Thiamin is also known as vitamin B1. It is among the first compounds known as a water-soluble vitamin. Another names for this water-soluble vitamin is Thiamine. For children and teenagers (until 13-years old), the recommended daily intake of Thiamin is at a maximum of 0.9 mg. For people who are 19-years old and above, the recommended daily intake on Thiamin is 1.1 mg. Since Thiamin is not stored in the body, any excess of this vitamin is excreted through urine.

Thiamin’s Function In the Body

Thiamin plays a role in extracting energy from sources like carbohydrates. It helps in the proper function of the heart, the nervous system and the muscular system. Thiamin also helps regulate one’s appetite.

Sources of Thiamin

In food, sources of Thiamin include pork, pinto beans, whole grains, tomato juice, oranges, seafood, wheat germ, enriched grains, potatoes, watermelon, dried milk, legumes, organ meats, nuts, peas and seeds.

Thiamin is present in food only in small amounts. However, eating a lot of these Thiamin-containing foods can meet the daily recommended amount for Thiamin in the body.

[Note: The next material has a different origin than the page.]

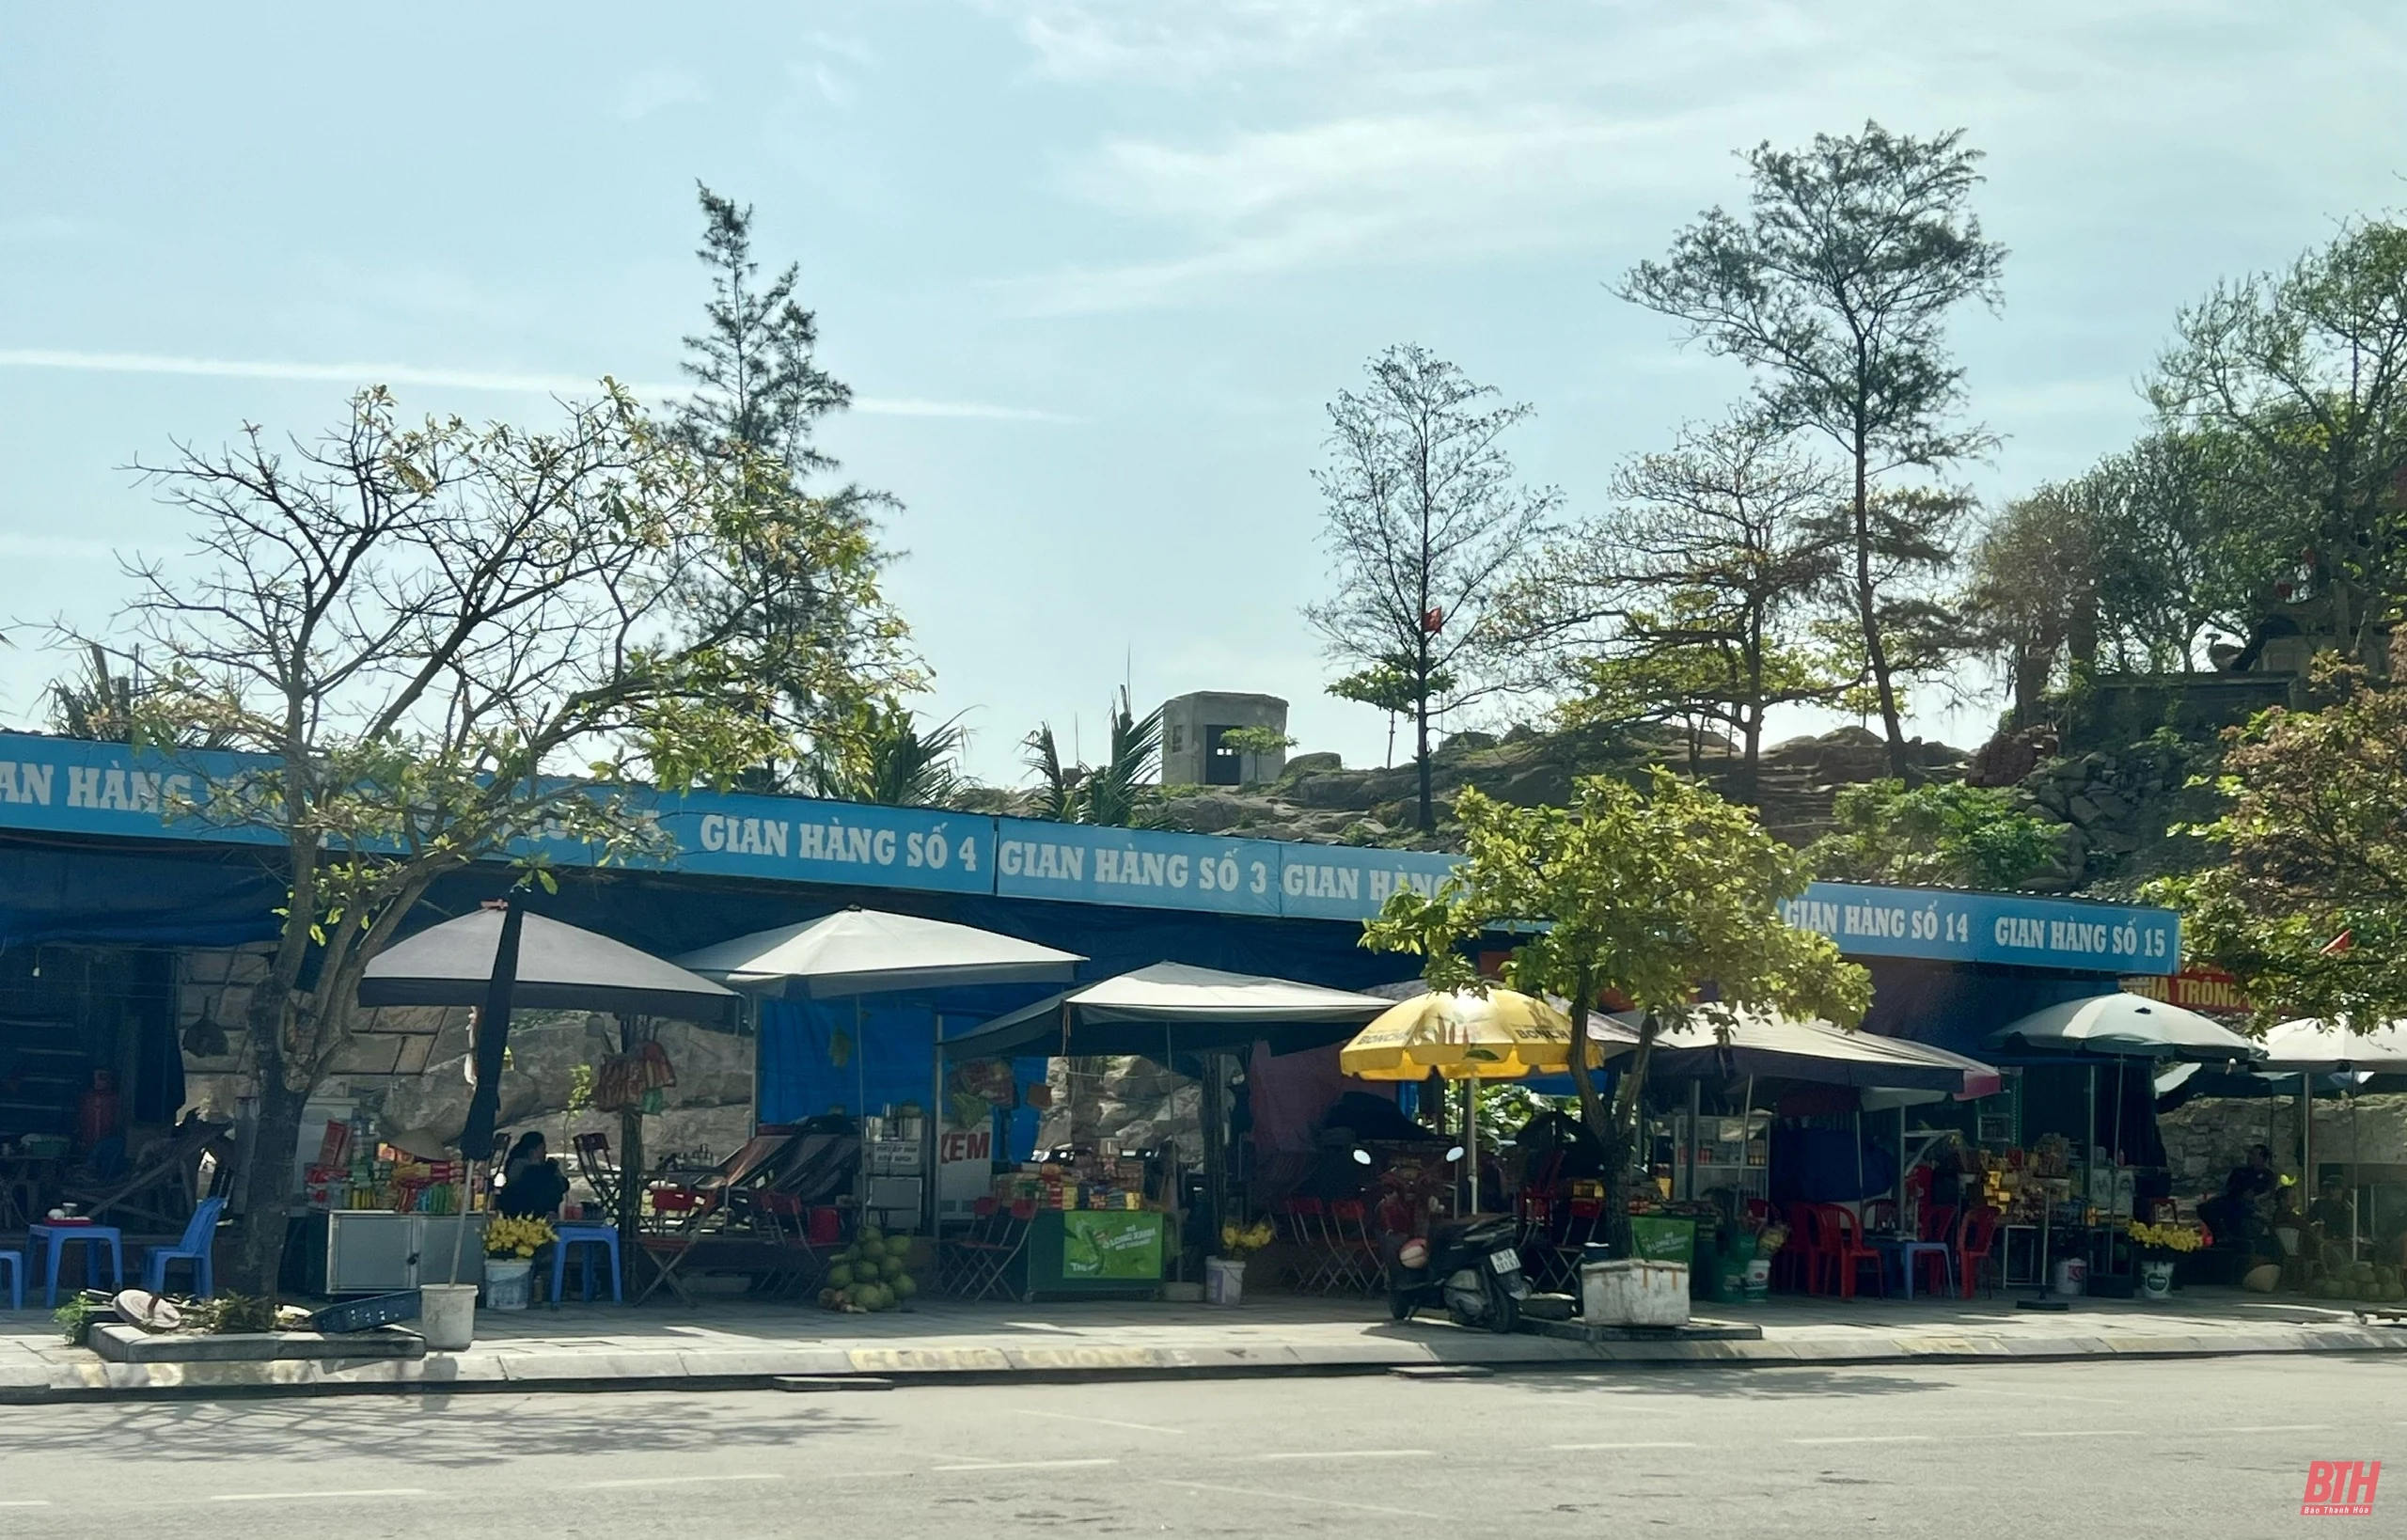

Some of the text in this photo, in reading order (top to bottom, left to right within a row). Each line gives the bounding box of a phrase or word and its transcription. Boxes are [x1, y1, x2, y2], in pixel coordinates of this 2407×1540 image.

Although there are supplements that contain Thiamin, it is still recommended to get it from natural sources like food.

Thiamin Deficiency

A body that is lacking in Thiamin may experience symptoms like weakness, psychosis, nerve damage, visual disturbances, staggering gait and fatigue.

In the United States, a deficiency in Thiamine is often observed in people who drink a lot of alcoholic beverages and those who abuse it. There are a lot of alcoholic products that make it difficult for the body to absorb Thiamin sourced from foods. For alcoholics, the only way to still maintain enough Thiamin in the body is to receive an even higher amount of Thiamin. Most likely, an alcoholic who has a Thiamin-deficient body will develop a disease known as Beriberi (a disease affecting the body’s cardiovascular system). Although Beriberi generally affects the cardiovascular system, it can also affect other systems in the body, like the gastrointestinal system and the nervous system.

It has also been said that a deficiency in Thiamin can lead to digestive system problems, as well as heart problems. In worst cases, a person that is severely deficient in Thiamin could develop Korsakoff Syndrome. This is a type of brain damage resulting from a lack of Thiamin. Another medical condition that can be caused by Thiamin deficiency is Wernicke’s Disease. Take note that both, that is it possible for a person to have both diseases.